Cuando el orgullo mueve montañas

Existen ocasiones en que son las emociones las que hacen sonar una alarma y hacernos reaccionar. Eso le ha debido pasar a Djokovic cuando este pasado domingo ha derrotado en menos de una hora y media a Nadal, el enemigo que le va a despojar de su posición de número uno en la ATP. Han calificado el juego del serbio como agresivo, confiado y efectivo, que luchó cual bestia herida en su orgullo. Pero, ¿realmente el orgullo puede ser positivo?

Plutchic califica el orgullo como una emoción secundaria que proviene de la combinación de otras emociones más básicas: la ira y la alegría. Las emociones sirven para algo, cada una de ellas tiene una función y nos empujan a actuar de una u otra manera. La ira nos lleva al ataque, a defender aquello que consideramos nuestro. Sentimos ira cuando percibimos que alguien está traspasando nuestros límites, nos amenazan o nos quitan lo que es nuestro. Y como no, esta es la misma situación en la que se ha encontrado Djokovic: su eterno rival ha llegado con fuerza y le va a arrebatar su puesto. ¿No es motivo suficiente para sentirse amenazado? Además, se está traspasando un claro límite: el de fortaleza y superioridad que siempre muestra el tenista. ¿Iba a tirar la toalla y jugar un partido penoso antes de tener que cederle el trono? Desde luego que no. Si tiene que cedérselo, lo hará por la puerta grande. Y ahí entra la alegría: la necesidad de decir “de esta forma te la devuelvo y sonrío tras llevarme, al menos, esta final”.

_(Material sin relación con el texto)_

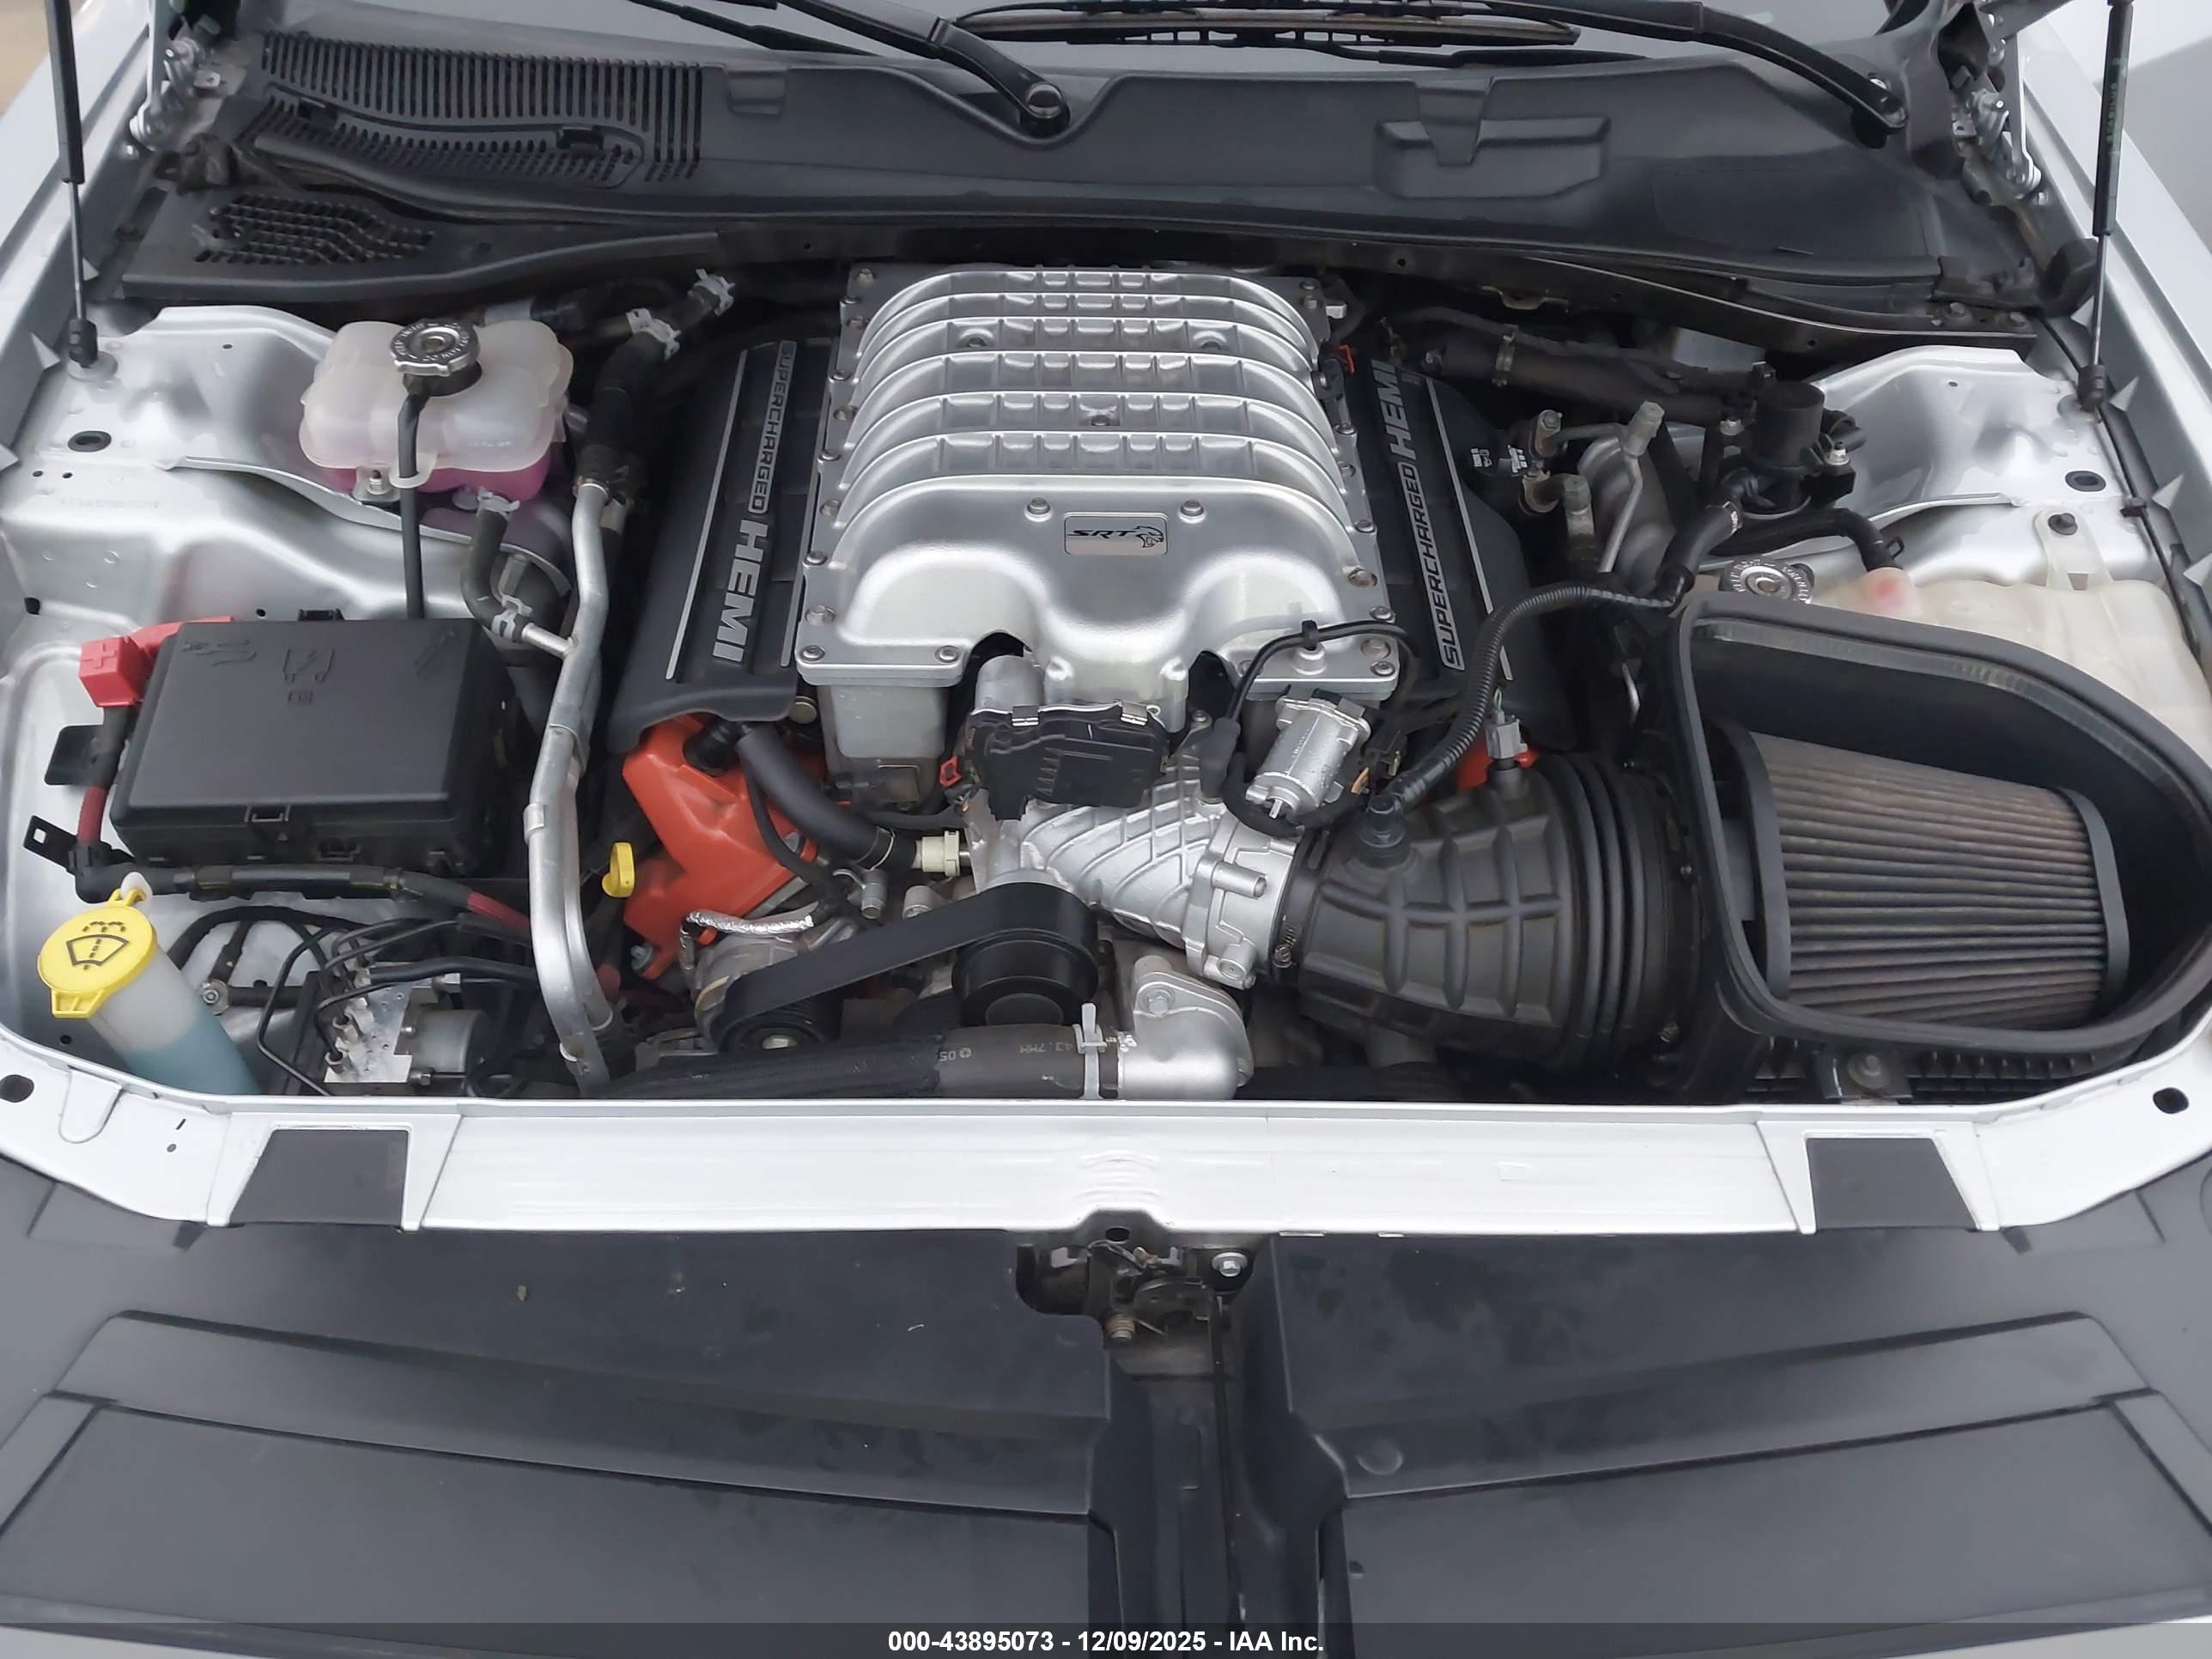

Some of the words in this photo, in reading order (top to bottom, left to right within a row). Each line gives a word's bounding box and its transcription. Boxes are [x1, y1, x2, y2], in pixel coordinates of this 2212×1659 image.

[750, 343, 795, 512] SUPERCHARGED
[1370, 359, 1416, 461] HEMI
[712, 519, 769, 662] HEMI
[1066, 529, 1136, 539] SRT
[1402, 464, 1462, 669] SUPERCHARGED

Quizás tú, en algún momento, te has sentido de esta forma: te han arrebatado algo preciado o no has conseguido tu objetivo. Si te quedas en la tristeza, en la pérdida, en la sensación de pena y víctima de las injusticias de la vida, no avanzarás. No saldrás de ahí. Parte de la inteligencia emocional supone saber gestionar tus emociones de forma que busques en cada momento aquellas que más te convienen y más te acerquen a tus objetivos, a aquello que realmente mereces.

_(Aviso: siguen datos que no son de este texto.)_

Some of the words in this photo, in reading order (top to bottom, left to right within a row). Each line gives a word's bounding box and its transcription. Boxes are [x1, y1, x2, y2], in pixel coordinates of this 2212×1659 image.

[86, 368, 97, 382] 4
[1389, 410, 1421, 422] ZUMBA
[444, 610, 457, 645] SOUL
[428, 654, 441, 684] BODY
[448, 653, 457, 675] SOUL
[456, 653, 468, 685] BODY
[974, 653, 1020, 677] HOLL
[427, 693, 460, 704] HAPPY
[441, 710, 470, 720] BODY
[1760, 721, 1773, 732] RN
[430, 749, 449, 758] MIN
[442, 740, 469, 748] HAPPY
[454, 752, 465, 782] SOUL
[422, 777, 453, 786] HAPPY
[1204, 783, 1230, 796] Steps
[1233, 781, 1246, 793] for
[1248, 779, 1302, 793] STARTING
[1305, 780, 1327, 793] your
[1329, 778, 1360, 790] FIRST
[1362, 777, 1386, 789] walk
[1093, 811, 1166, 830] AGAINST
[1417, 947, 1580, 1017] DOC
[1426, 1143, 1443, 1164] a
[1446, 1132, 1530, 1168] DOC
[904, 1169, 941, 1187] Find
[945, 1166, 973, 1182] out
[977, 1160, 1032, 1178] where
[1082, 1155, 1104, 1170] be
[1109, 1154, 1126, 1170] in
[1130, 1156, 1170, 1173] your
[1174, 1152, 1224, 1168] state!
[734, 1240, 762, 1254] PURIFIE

Siento escalofríos al leer estas declaraciones de Djokovic: «lucharé hasta que no haya posibilidades para acabar el año como número uno». Y ojalá por su mente pasara después la siguiente frase: “y si eso ocurre, seguiré luchando para demostrar que nada me derriba”. Pues no hay nada más poderoso que el convencimiento de una persona a no ser derrotada jamás a pesar de las circunstancias. No importarse si caes, lo importante es que siempre te levantes. Si te encuentras en un momento difícil, en el que parece que las cosas no se pueden torcer más, ¡saca ese orgullo! ¿Es justo? ¿Acaso no te has esforzado y luchado? ¿Esto es lo que mereces? ¡No! Entonces no te dejes a avasallar por la vida y hazle frente a las circunstancias para poder mirar a la adversidad a los ojos, y dedicarle tu sonrisa más orgullosa.